| Task details |
Please restate the records below word for word, leaving out every picture.

*** Dataset records ***

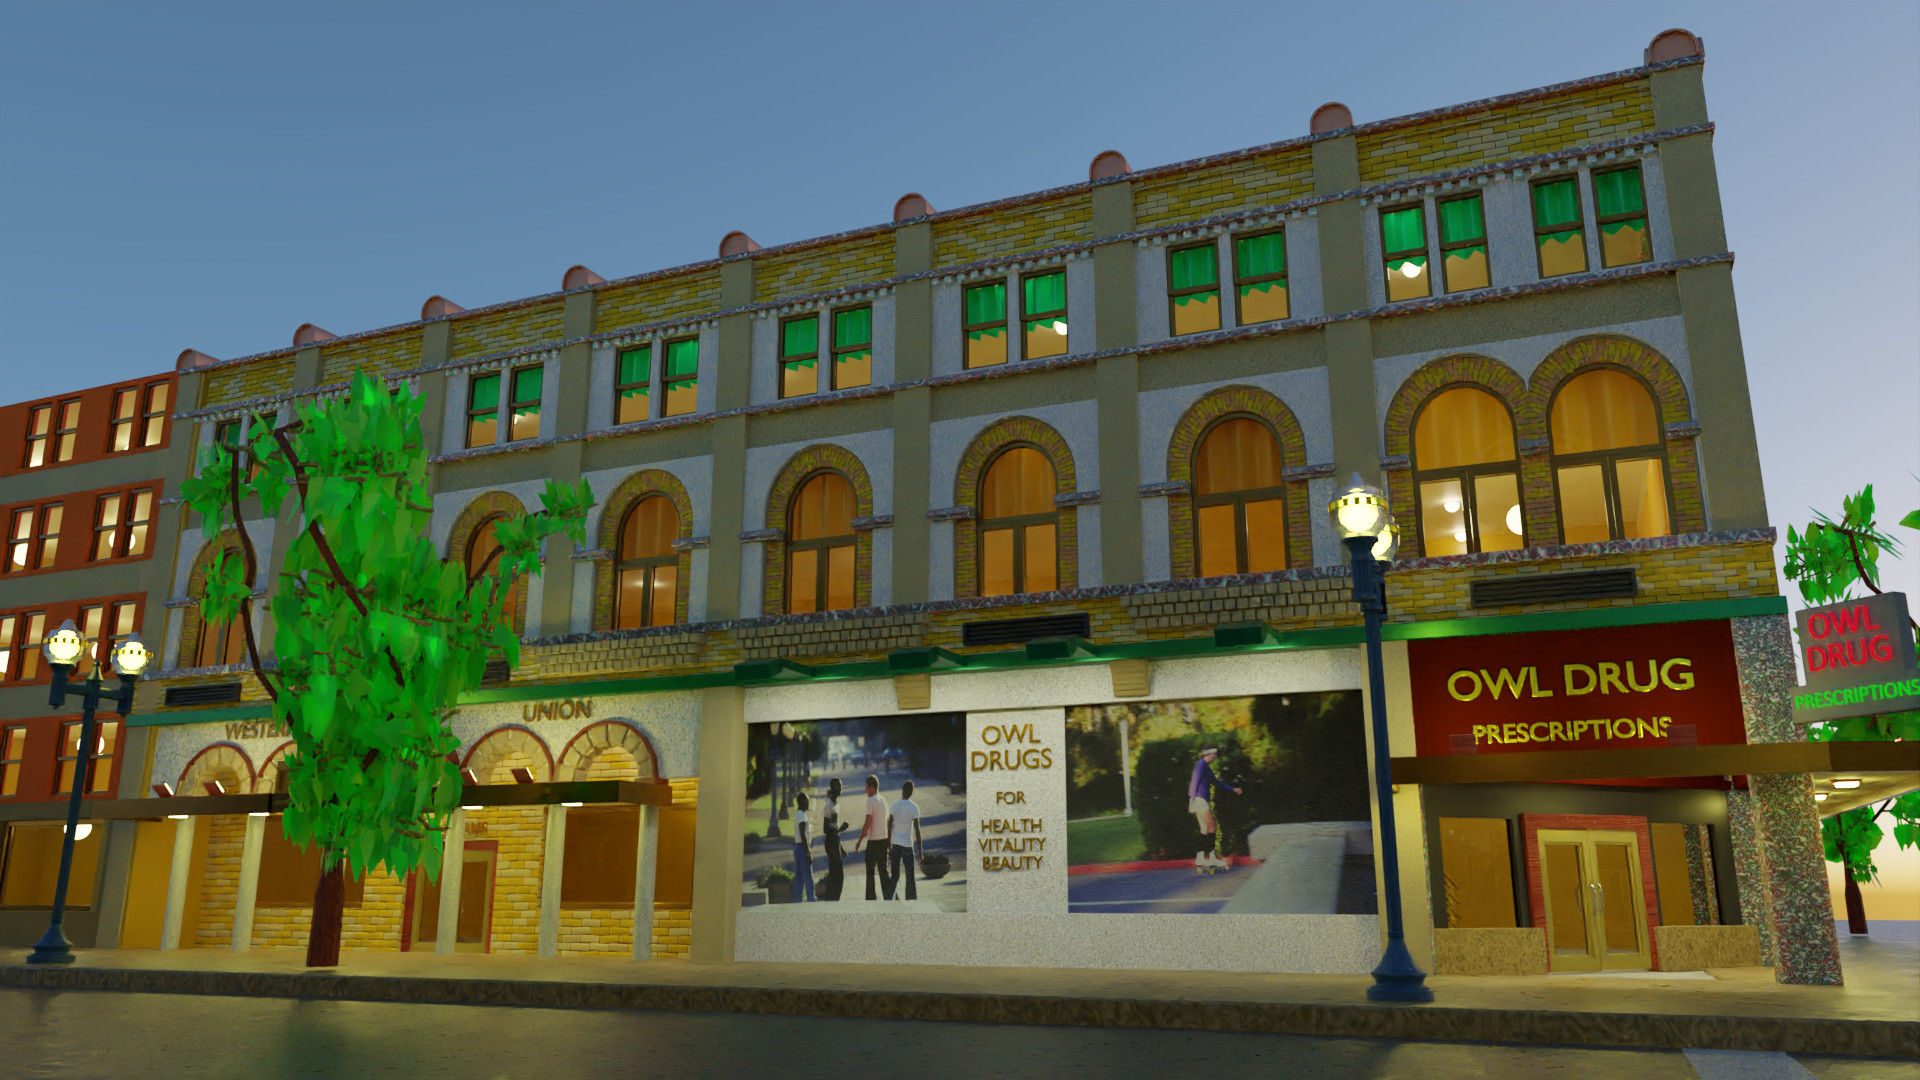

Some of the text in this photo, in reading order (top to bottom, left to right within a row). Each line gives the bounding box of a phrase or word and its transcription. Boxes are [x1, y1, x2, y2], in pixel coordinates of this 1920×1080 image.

[1807, 604, 1881, 640] OWL
[1806, 634, 1893, 673] DRUG
[1447, 657, 1696, 702] OWL DRUG
[1794, 678, 1920, 711] PRESCRIPTIONS
[522, 700, 592, 723] UNION
[981, 723, 1041, 746] OWL
[1472, 716, 1673, 746] PRESCRIPTIONS
[970, 748, 1053, 772] DRUGS
[996, 791, 1026, 805] FOR
[981, 818, 1042, 834] HEALTH
[978, 837, 1047, 852] VITALITY
[982, 855, 1044, 871] BEAUTY

*** End of Dataset records ***

| Answer for the task |
Some of the text in this photo, in reading order (top to bottom, left to right within a row). Each line gives the bounding box of a phrase or word and its transcription. Boxes are [x1, y1, x2, y2], in pixel coordinates of this 1920×1080 image.

[1807, 604, 1881, 640] OWL
[1806, 634, 1893, 673] DRUG
[1447, 657, 1696, 702] OWL DRUG
[1794, 678, 1920, 711] PRESCRIPTIONS
[522, 700, 592, 723] UNION
[981, 723, 1041, 746] OWL
[1472, 716, 1673, 746] PRESCRIPTIONS
[970, 748, 1053, 772] DRUGS
[996, 791, 1026, 805] FOR
[981, 818, 1042, 834] HEALTH
[978, 837, 1047, 852] VITALITY
[982, 855, 1044, 871] BEAUTY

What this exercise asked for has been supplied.